You have run up against the [false] [rebuttable] proposition that diversity committeess have any interest in any diversity of perspectives or experience...
9.16.2006 10:39am
Mary Katherine Day-Petrano (mail):
Thank you, Toby, for the explanation. As I have explained on other posts on the VC, being autistic, I tend to take the representations made by people, including the bar diversity committees literally. My mistake. No wonder they reacted like the moment the Russian ambassoador was let into the war room in Dr. Strangelove ...
9.16.2006 3:15pm
heidi_ht (mail) (www):
Thank you so much for posting your analysis - I'm off to write my comment and, possibly, enjoy my last few months blogging, which I've done for just over five years now. I'm a sole practitioner, and I'm also president of a nonprofit, and I worry that if this proposal becomes a rule, I'll have to stop posting on our site's blog about, say, Terms of Use edits or even book reviews - the former would be discussing my opinion as to what a ToU should contain, and the latter would be wholly opinion.
I may be a lawyer, but I'm also a reader, an occasional poll monitor, the communications chair for my class reunion and a mom and wife - will the Bar allow me to blog in any of those roles, if I promise to add an "I'm not speaking here as a lawyer" notation in sparkly type?

Btw, am here via the tmblog, although I've read VC before on occasion.
9.16.2006 5:00pm
Nicole Black (mail) (www):
I've posted about this issue repeatedly at my blog (and have even devoted a special category to the proposed changes in the right hand sidebar on my blog).
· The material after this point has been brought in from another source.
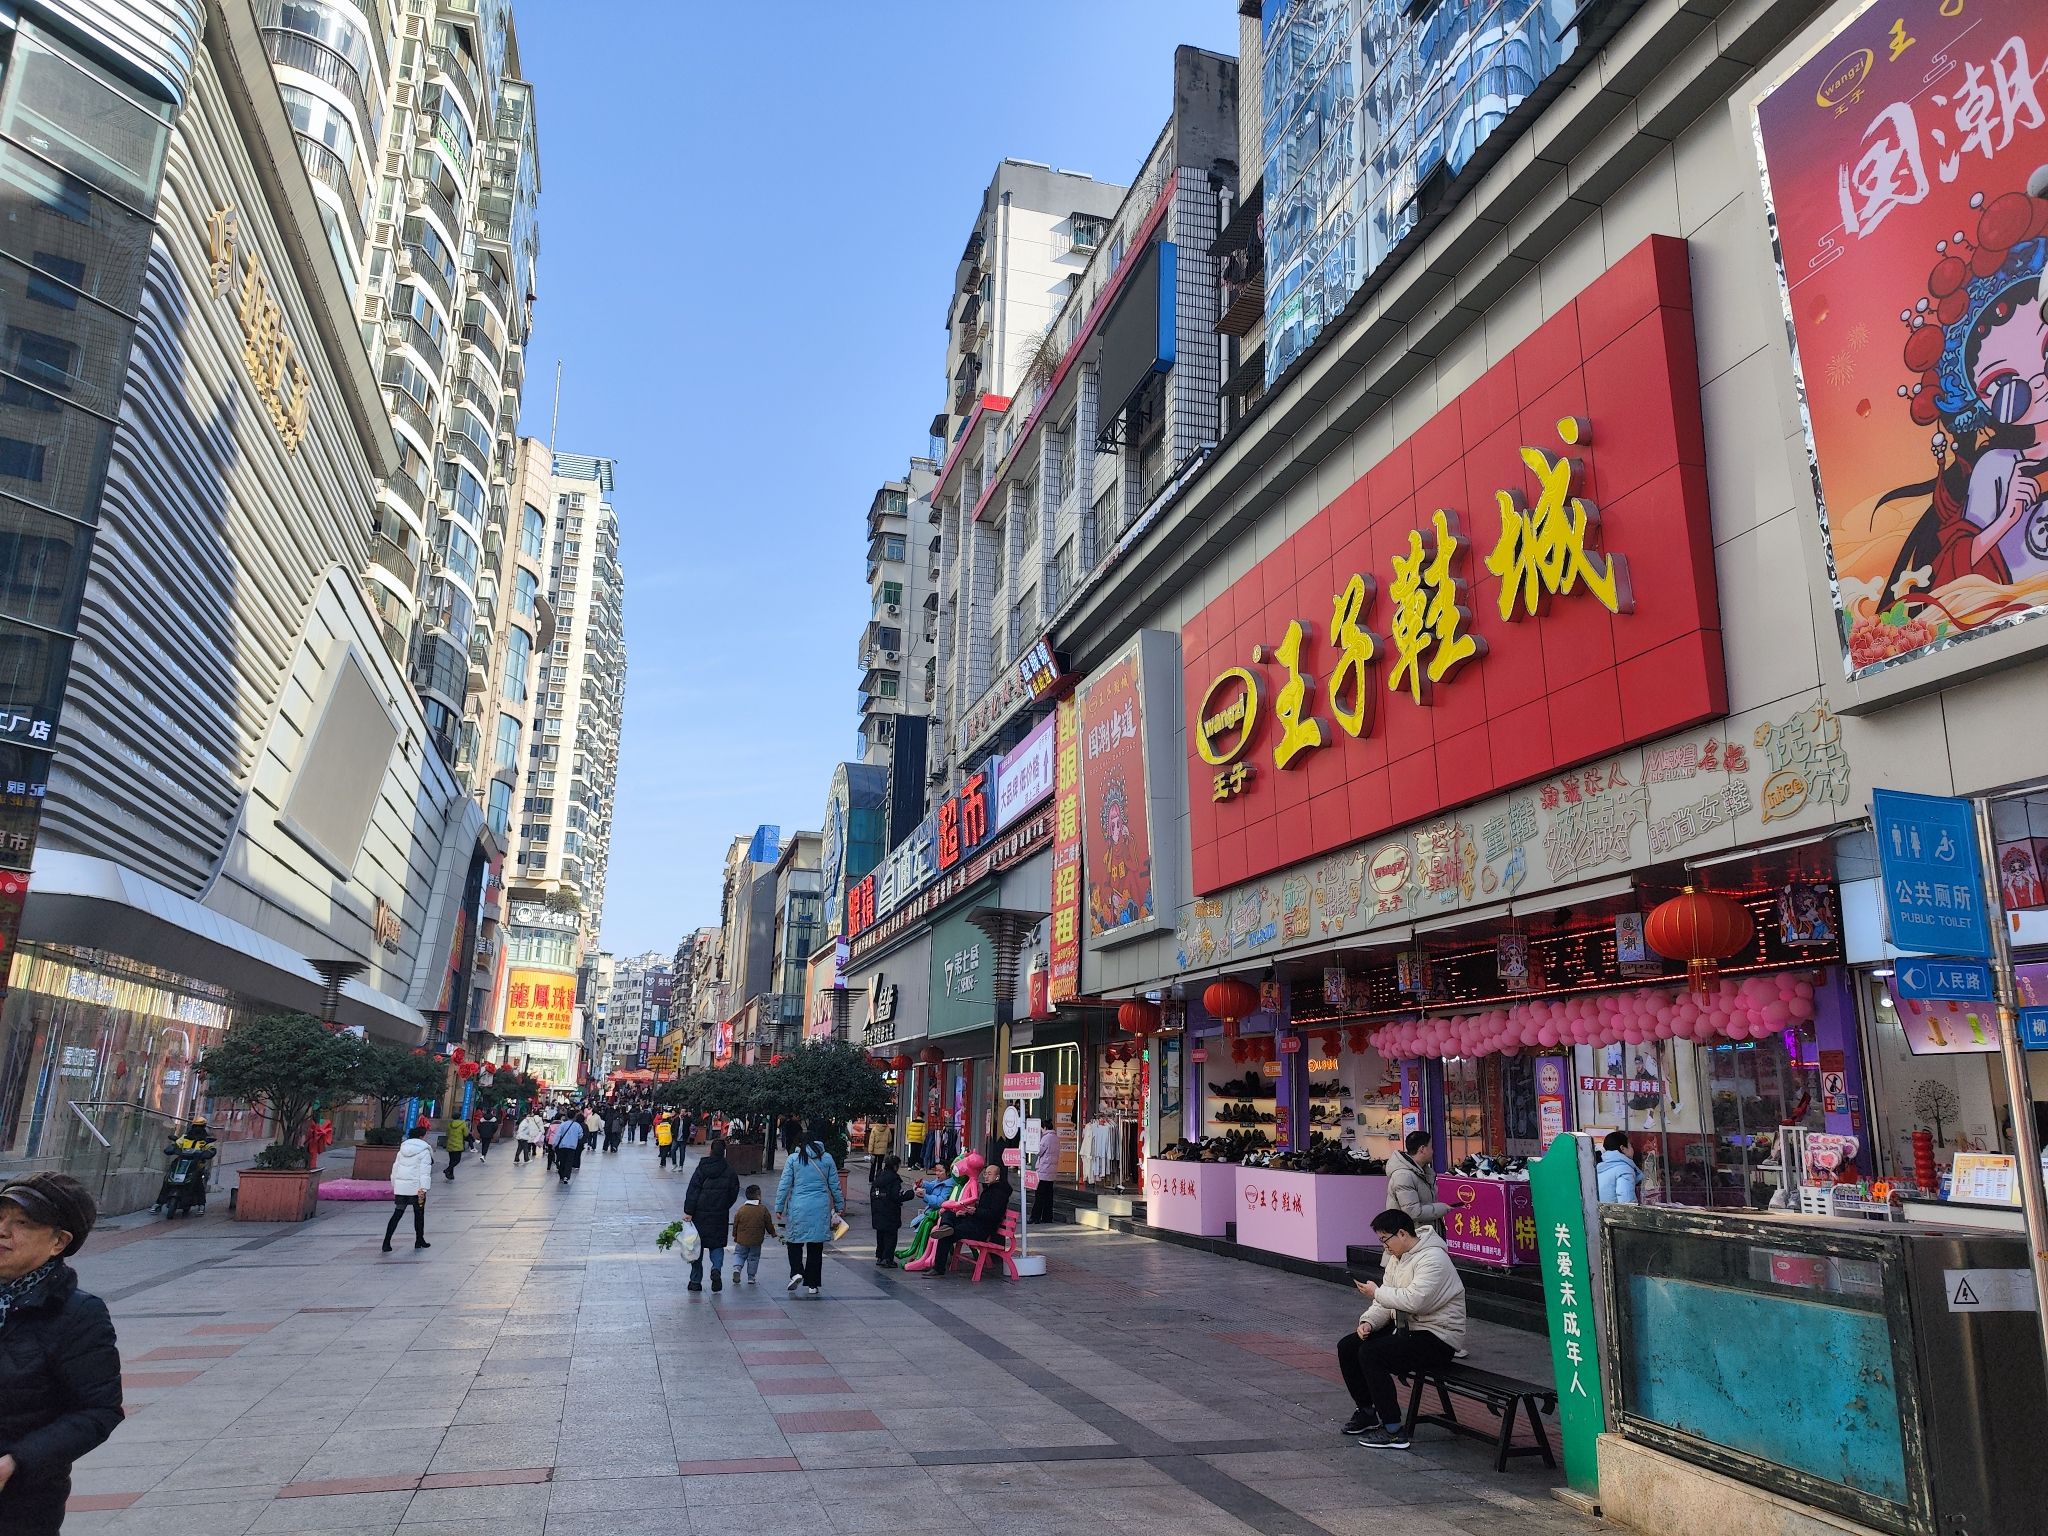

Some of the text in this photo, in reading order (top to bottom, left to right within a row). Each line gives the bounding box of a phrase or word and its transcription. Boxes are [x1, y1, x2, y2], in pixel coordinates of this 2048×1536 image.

My blog is, incidentally, a blog about NY legal issues.

There's a great and fairly lengthy analysis of the proposed rules and their effect on websites, etc. which was submitted by a NY lawyer as a comment re: the rules. More information and a link to his comment can be found here at my blog.

I think that the affect of the proposed rules on blog was inadvertant, as I posted here.

A few weeks ago I attended a forum on the new lawyer advertising rules and the panel of speakers consisted of people who were instrumental in drafting the proposed rules. I specifically raised the issue of blogs and from their collective response, I got the distinct impression that blogs were the last thing on their minds when they drafted the proposed changes.

Accordingly, I've been encouraging my readers and fellow NY bloggers to submit comments re: the proposed rules.

It's nice to see bloggers outside of NY paying attention to this as well.